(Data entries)
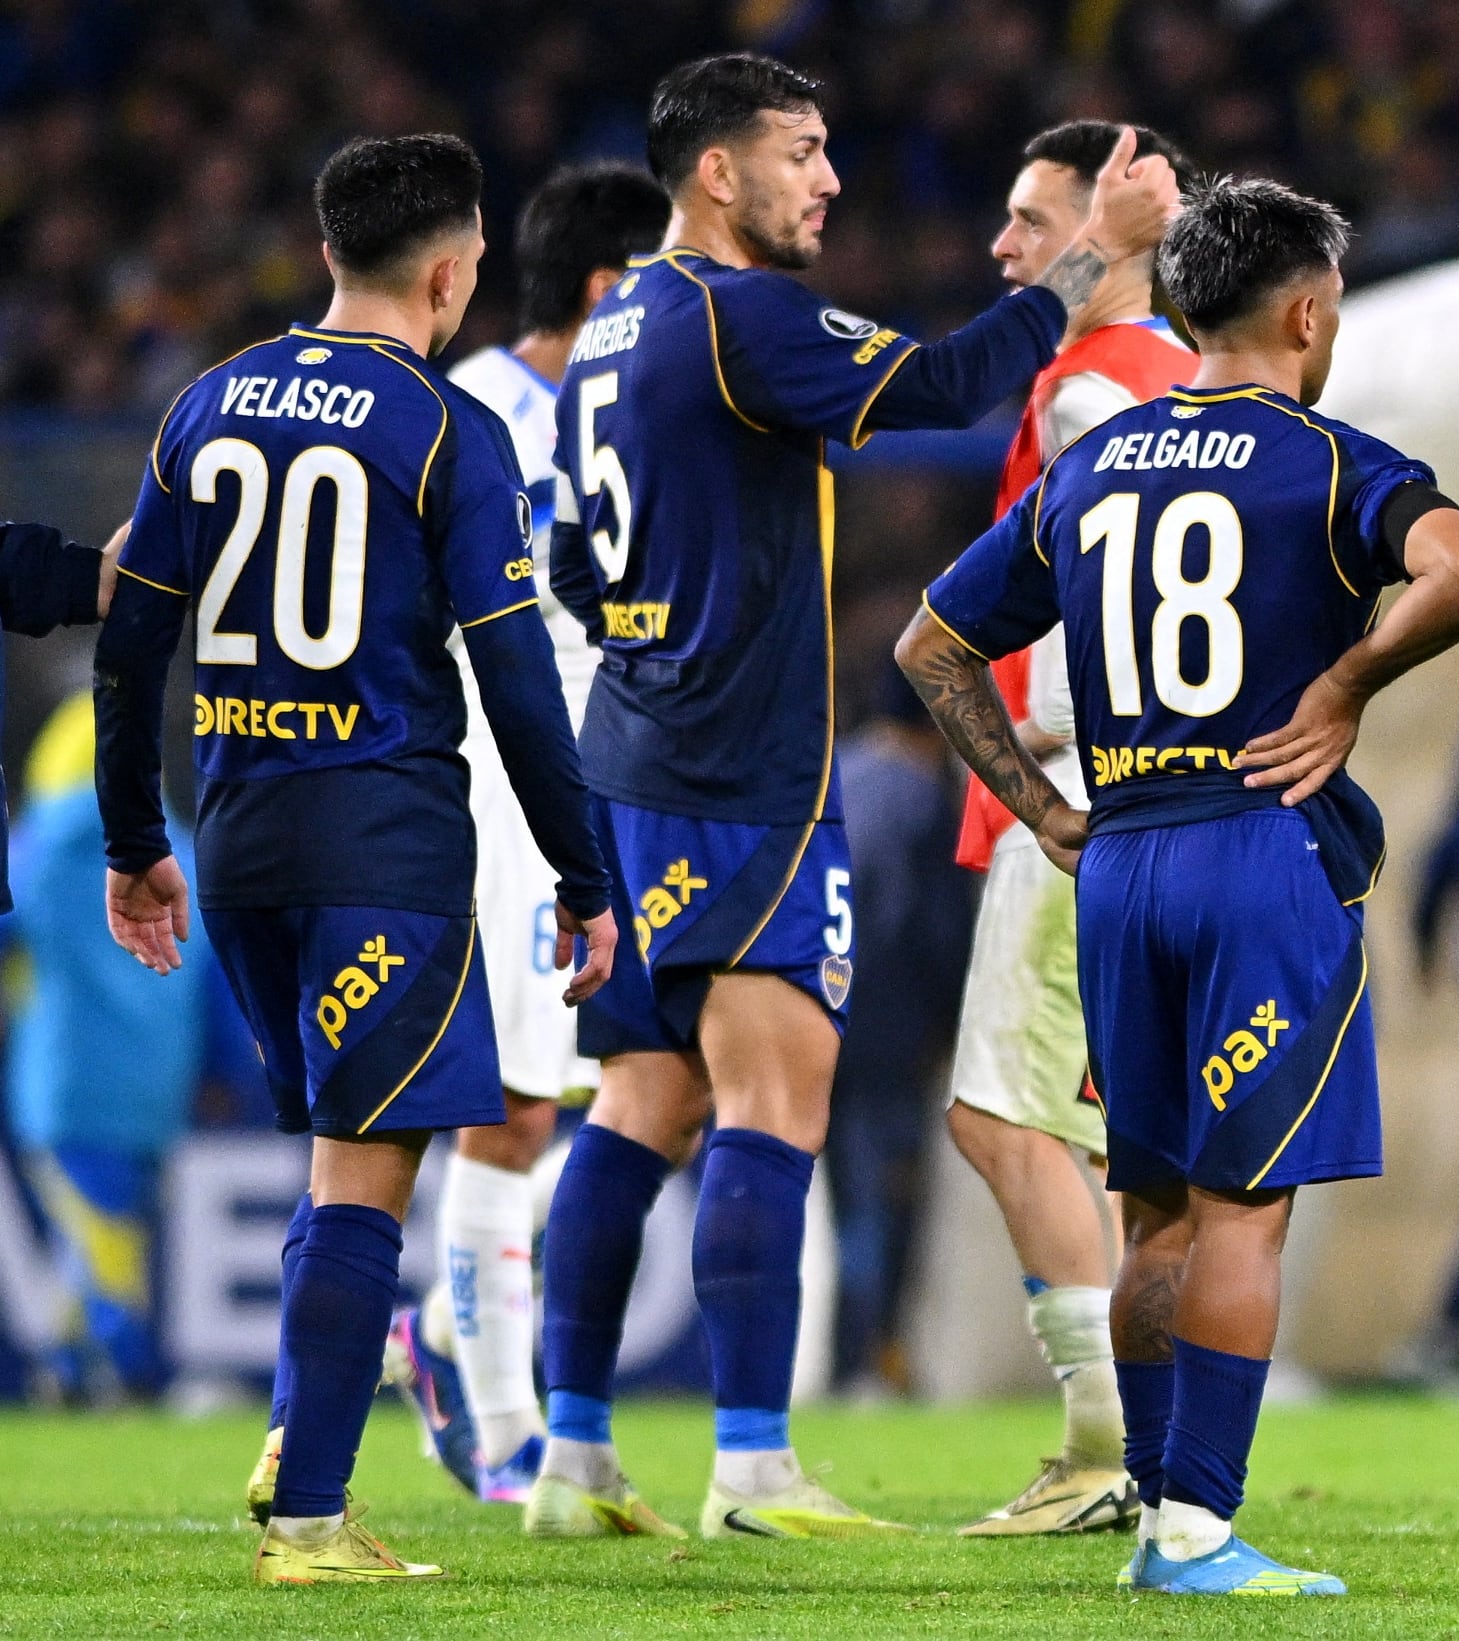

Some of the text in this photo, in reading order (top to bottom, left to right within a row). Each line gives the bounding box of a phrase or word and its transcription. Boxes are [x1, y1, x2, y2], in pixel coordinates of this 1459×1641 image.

[219, 375, 376, 429] VELASCO
[1093, 428, 1257, 474] DELGADO
[579, 370, 632, 584] 5
[189, 437, 370, 671] 20
[1079, 490, 1244, 718] 18
[194, 693, 361, 741] DIRECTV
[823, 866, 853, 956] 5
[316, 934, 406, 1050] pax
[1201, 999, 1290, 1112] pax

▶ _What needs to be done_: Transcribe all of the data above exactly; no picture belongs in the copy.

▶ _Reply_:
Some of the text in this photo, in reading order (top to bottom, left to right within a row). Each line gives the bounding box of a phrase or word and its transcription. Boxes are [x1, y1, x2, y2], in pixel coordinates of this 1459×1641 image.

[219, 375, 376, 429] VELASCO
[1093, 428, 1257, 474] DELGADO
[579, 370, 632, 584] 5
[189, 437, 370, 671] 20
[1079, 490, 1244, 718] 18
[194, 693, 361, 741] DIRECTV
[823, 866, 853, 956] 5
[316, 934, 406, 1050] pax
[1201, 999, 1290, 1112] pax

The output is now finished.